April 9, 2008

Economy at a Glance - April 10, 2008

Latest capacity utilization rate at lowest level in 10 years

According to recently released data by Statistics Canada, total industry in Canada operated at a capacity utilization rate of only 81.8% in fourth-quarter 2007. This was the lowest utilization rate in ten years. The major reason for the weakness was a manufacturing sector that was shackled by the weight of a too-highly-valued Canadian dollar.

The highest utilization rate for total industry in Canada in this decade was 87.1% achieved in the fourth quarter of 2000, just before the downturn brought on by the dot.com collapse. (By the way, total industry in the U.S. operated at 80.9% of capacity in February 2008. The Federal Reserve in the U.S. calculates numbers on a monthly basis, whereas Statcan only makes the numbers available on a quarterly basis in Canada.)

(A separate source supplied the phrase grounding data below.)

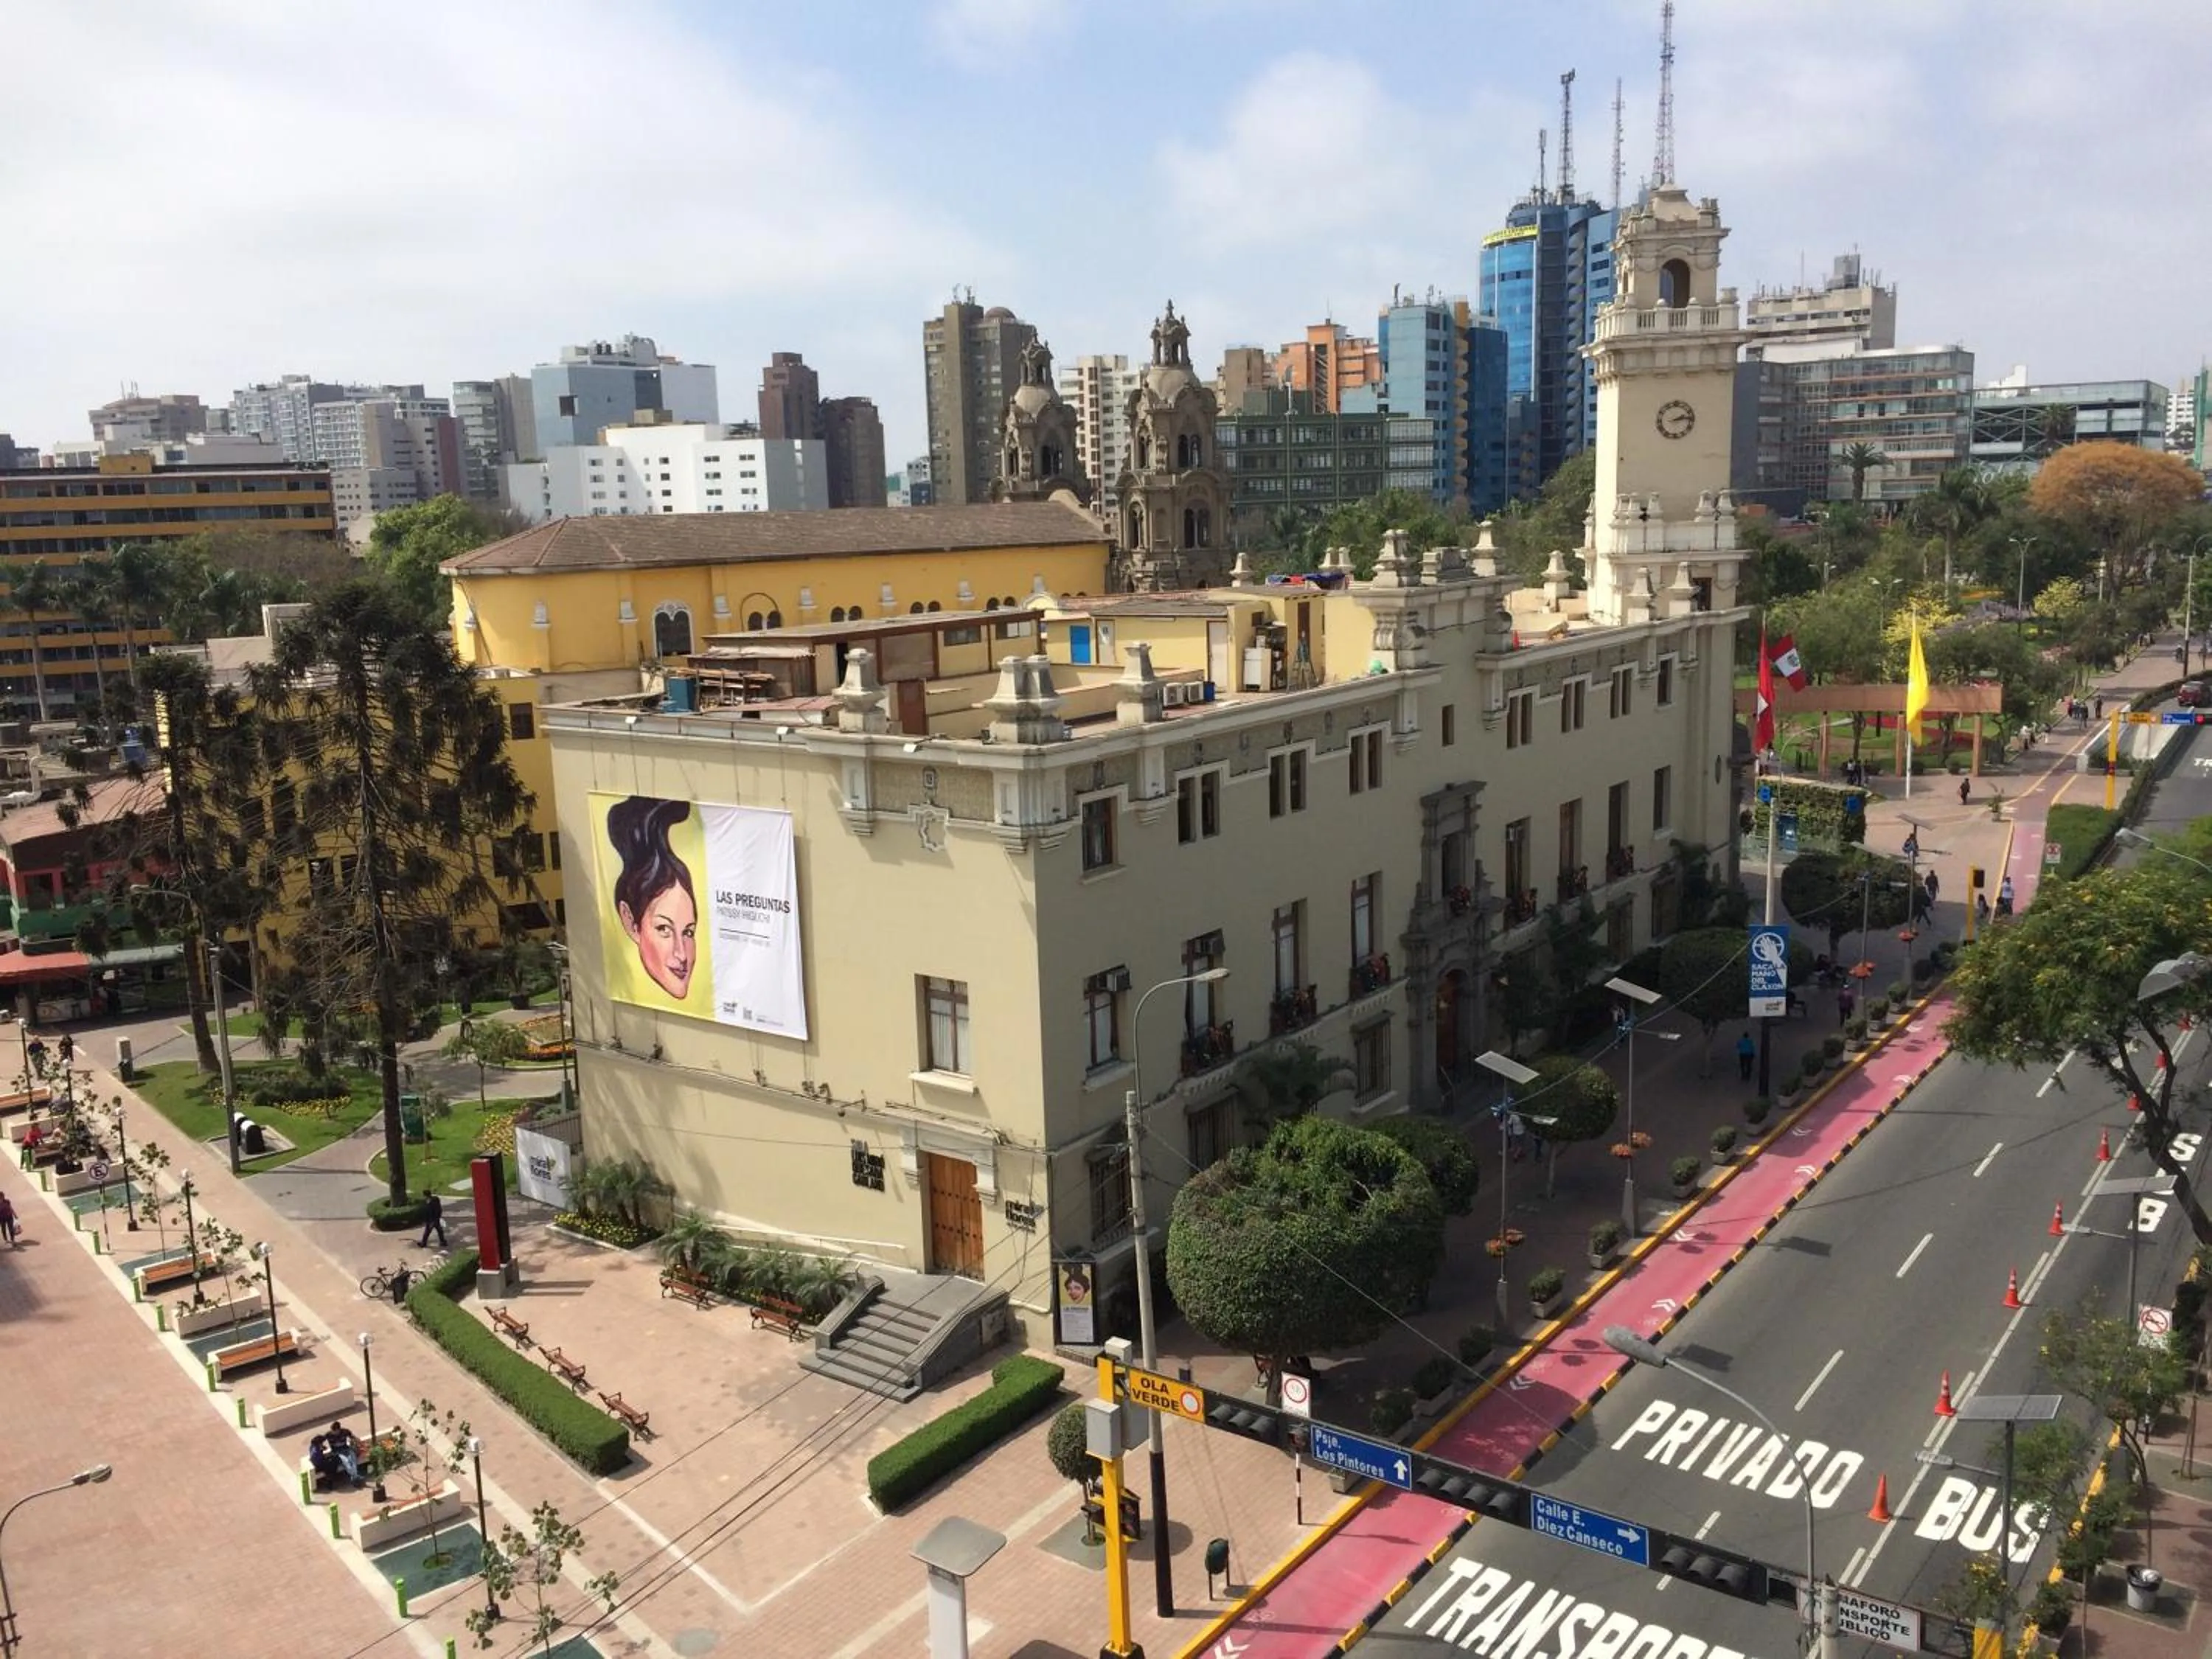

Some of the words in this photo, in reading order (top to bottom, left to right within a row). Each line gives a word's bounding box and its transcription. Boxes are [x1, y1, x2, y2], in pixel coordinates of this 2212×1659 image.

[716, 891, 732, 904] LAS
[736, 893, 790, 914] PREGUNTAS
[1132, 1388, 1180, 1411] VERDE
[1141, 1377, 1169, 1395] OLA
[1315, 1429, 1341, 1449] Psje.
[1316, 1445, 1335, 1462] Los
[1337, 1451, 1385, 1478] Pintores
[1611, 1399, 1865, 1509] PRIVADO
[1537, 1499, 1568, 1521] Calle
[1572, 1510, 1585, 1527] E.
[1914, 1476, 2051, 1562] BUS
[1537, 1516, 1565, 1537] Diez
[1567, 1526, 1624, 1555] Canseco

Among major sub-sectors, the utilization rate in oil and gas extraction dropped to 80.2% in the latest quarter. The huge investments in the Alberta Tar Sands have raised capacity. The electric power utilization rate is second highest among all sectors, at 88.3%. Winter started early in many parts of the country. However, this is also a warning that mega expansion plans need to be initiated fairly quickly if blackouts are to be avoided long term. New power generation has a long lead time between planning and “juice”.

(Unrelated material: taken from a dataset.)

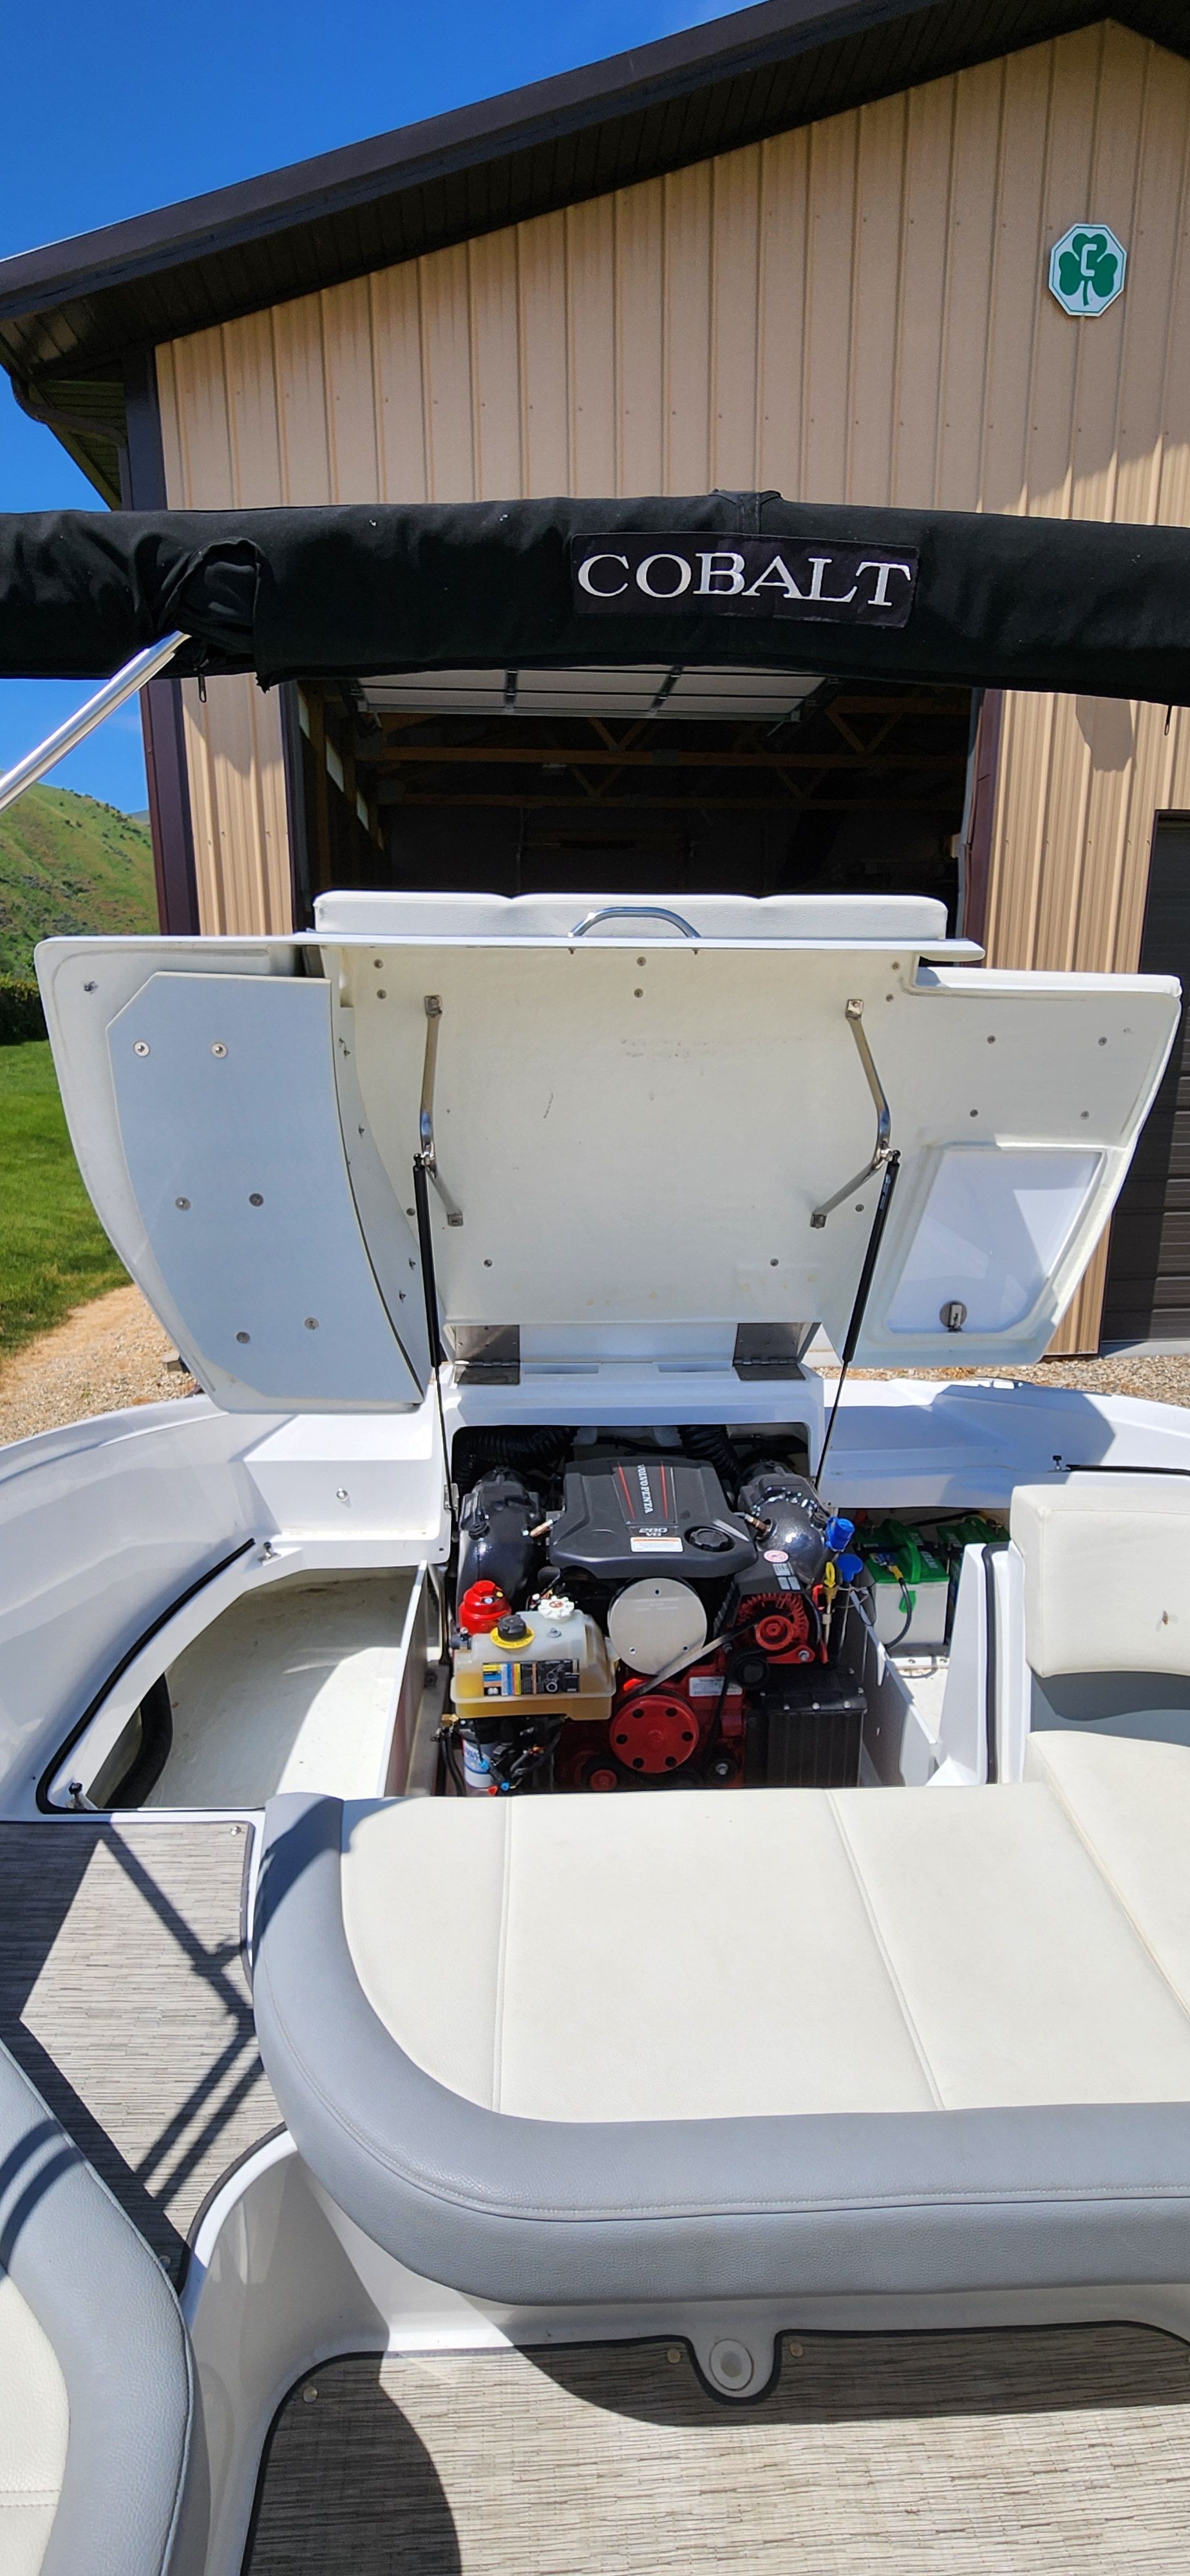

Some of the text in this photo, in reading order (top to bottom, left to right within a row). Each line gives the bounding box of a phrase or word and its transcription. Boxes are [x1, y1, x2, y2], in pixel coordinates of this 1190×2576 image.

[1081, 243, 1097, 277] C
[578, 552, 912, 607] COBALT
[637, 1464, 654, 1513] VOLVO PENTA

Construction, thanks to continuing strong housing markets and a pickup in non-residential building work, is operating above 85% of capacity. Forestry and logging (79.6%) is hurting due to reduced sales brought on by Canadian dollar strength and the collapse in U.S. housing markets. However, the biggest problem was a manufacturing sector (80.5%) that barely registered a utilization rate above 80%.

For more articles by Alex Carrick on the Canadian and U.S. economies, visit his blog and Market Insights.

An industry's capacity utilization rate is the ratio of its actual output to its estimated potential output. Industry classifications are as according to NAICS (North American Industry Classification System). Above 85% capacity utilization, firms in an industry look seriously at expanding.
Data source: Statistics Canada/Chart: Reed Construction Data - CanaData.